Start of EXTRACTED RECORDS

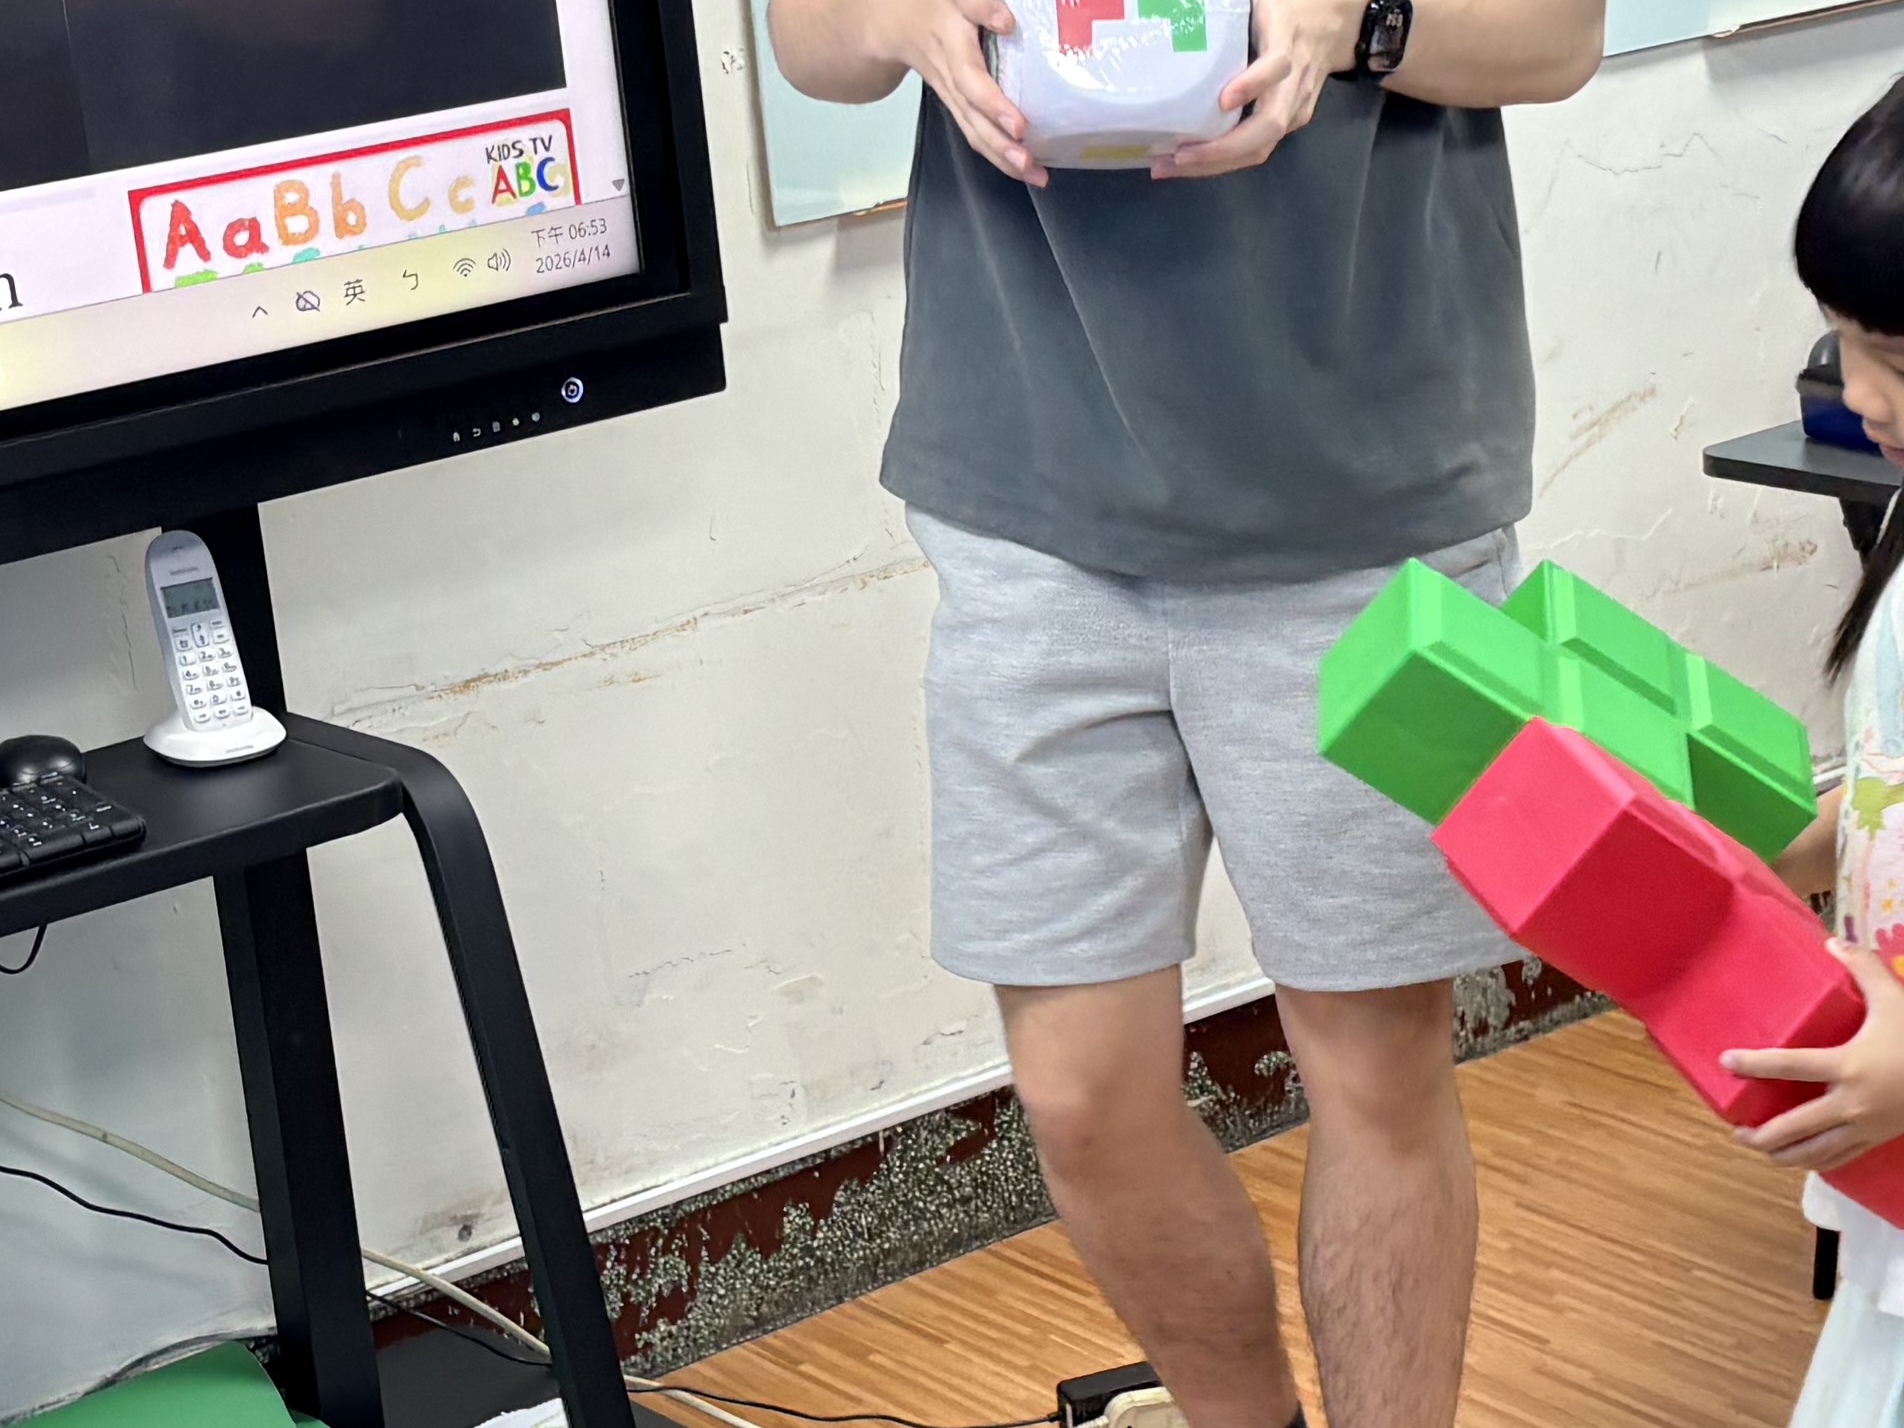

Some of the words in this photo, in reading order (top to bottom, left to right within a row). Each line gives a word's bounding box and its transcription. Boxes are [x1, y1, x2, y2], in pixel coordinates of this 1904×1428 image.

[486, 142, 523, 164] KIDS
[529, 136, 553, 155] TV
[491, 157, 559, 205] ABC
[532, 224, 563, 245] 下午
[569, 219, 608, 241] 06:53
[535, 245, 611, 273] 2026/4/14
[344, 280, 366, 305] 英

End of EXTRACTED RECORDS

**EXERCISE AIM:** Write the entries above out again exactly, but not the pictures.

**ANSWER AREA:**
Some of the words in this photo, in reading order (top to bottom, left to right within a row). Each line gives a word's bounding box and its transcription. Boxes are [x1, y1, x2, y2], in pixel coordinates of this 1904×1428 image.

[486, 142, 523, 164] KIDS
[529, 136, 553, 155] TV
[491, 157, 559, 205] ABC
[532, 224, 563, 245] 下午
[569, 219, 608, 241] 06:53
[535, 245, 611, 273] 2026/4/14
[344, 280, 366, 305] 英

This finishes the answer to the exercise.